She dances out on the wire. Graceful as always, moving like a ballerina. A part of me love watching her, she floats like a fairy through the air. But most of me is scared shitless every time. Fearing that time is the last. That this day is the day I loose her.
As she is halfway on the line her foot slips and my heart is in my throat. This happens sometimes. Normally she takes an ekstra step and regain her balance. But this time her foot just slips again and she is falling.
I hear a scream. Realising I am the one screaming. The thud when she lands in the sawdust is the sound of my heart being ripped from my chest. I run to her side pulling her broken form into my arms sobbing. Someone puts a hand on my shoulder. "Tom ! Tom!"

*Malina*
I am awoken by a blood curtling scream that makes me sit up in bed. Tom is shaking and whimpering. Tears streaming down his face. I put my hand on his shoulder, shaking him lightly. "Tom ! Tom !"
He flies up, drying his eyes furiously. Then he turns his face looking at me, the relief going through his eyes is almost palpable. He pulls me into his arms. Hugging me so tight it almost hurts. "Oh God Baby, it was a dream, just a dream".
"Oh my poor baby". I gently rub his back as he nuzzels his face into my neck. "It sounds like a really bad dream. But it is over now. You are here, with me".
"But it isn't over. I dreamt you fell. You were broken. It might have been a dream, but some day it is going to be the truth". He sobs into my hair.
I wish I could tell him that it will never happen, but I know it is a possibility. I can't promise him something I can't possibly know. So I just keep rubbing his back and whispering sweet words until he stops crying.
He looks up at me and I gently dry the last tear away. "I am so sorry I woke you up darling. I just had a very bad dream that you fell from the high wire".
"Tom, I am very good at what I do. The chances of me falling down are very slim. I am sorry it worries you this much". I say running my hand through his hair.
"Can we just forget the dream and go back to sleep ? I just want to snuggle with my favourite girl right now". He says. Pulling me into him. My back to his front. His arms wrapped around me as he kisses my neck. Soon after I can hear him drift back to sleep.
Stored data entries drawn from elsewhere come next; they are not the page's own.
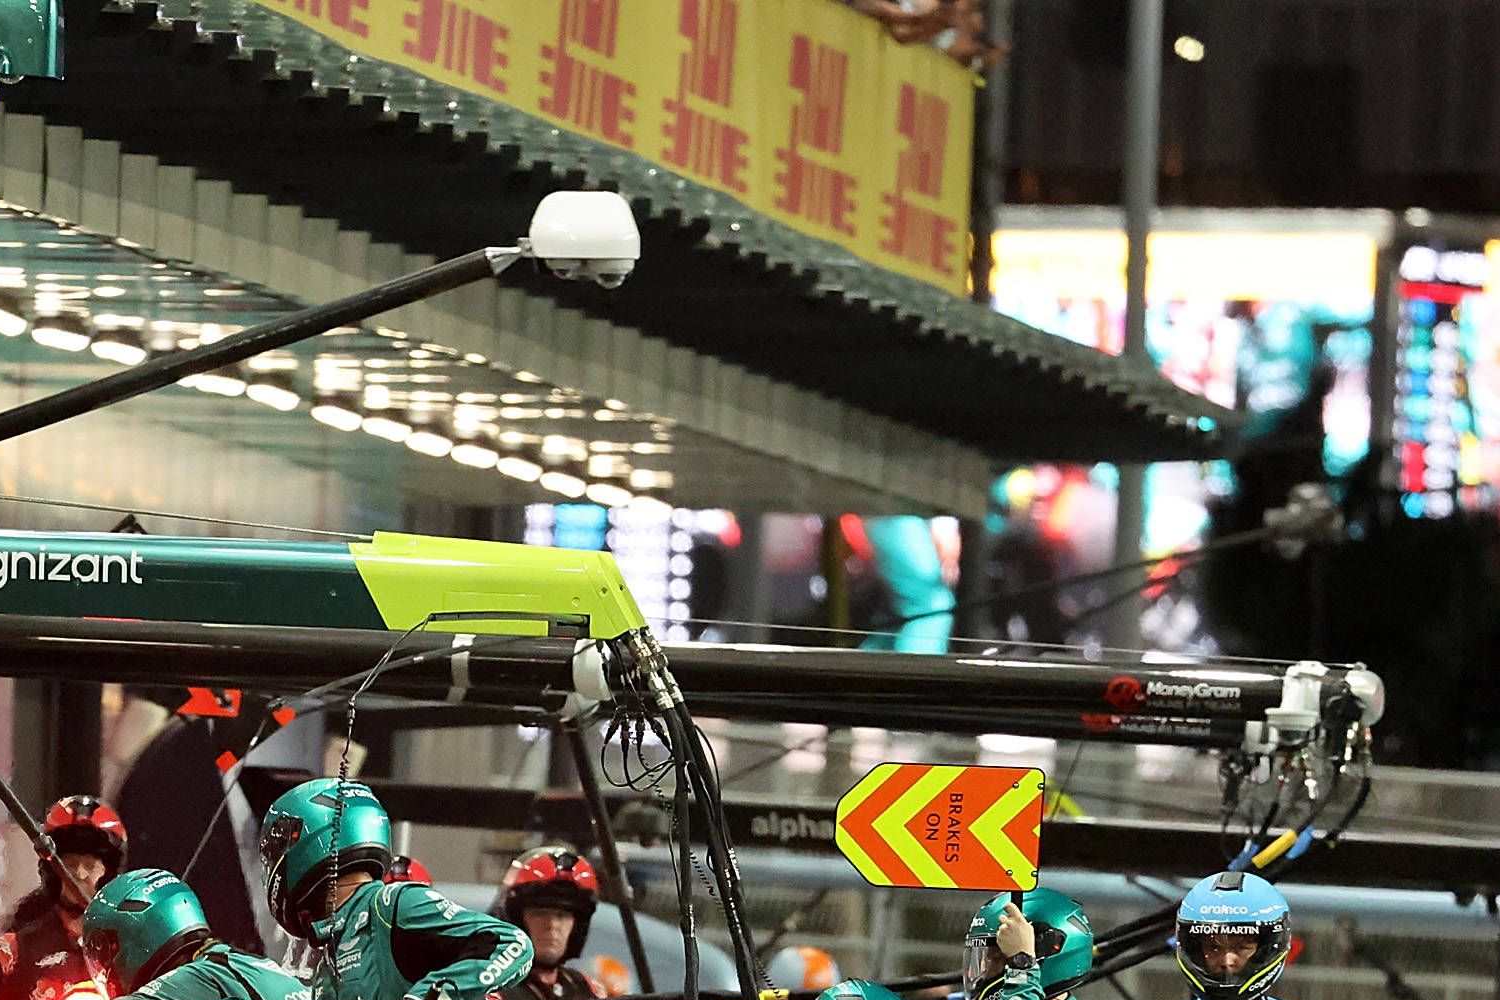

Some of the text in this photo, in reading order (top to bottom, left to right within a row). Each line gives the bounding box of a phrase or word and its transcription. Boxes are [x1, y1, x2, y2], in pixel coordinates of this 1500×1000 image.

[1146, 681, 1241, 700] MoneyGram
[925, 813, 941, 841] ON
[944, 792, 964, 863] BRAKES
[1199, 904, 1248, 915] aramco
[1189, 924, 1260, 935] ASTON MARTIN
When I kiss Tom goodbye outside the circus grounds the next day around noon I can't stop smiling. It had been an amazing trip. We had made love again in the morning, and it had been even more amazing, now he was no longer as nervous.
I hoped we could do something like this again soon. Just be the two of us alone together. Only thing not perfect about the trip had been Tom's nightmare. I really hated seeing him that distraught, knowing I was the cause of it.
He smiled and waved as I walked away. He seemed happy about the trip too. And I knew he was relieved that sex was not only possible but a succes. He had told me this morning. Blushing like a schoolboy that he had feared that it wouldn't work.
I have started thinking about it. I want a family with him. That is my new dream. And that will mean stop working without a net, maybe stop for good. I just wont tell Tom just yet. But soon. I can't wait to see his face when I tell him.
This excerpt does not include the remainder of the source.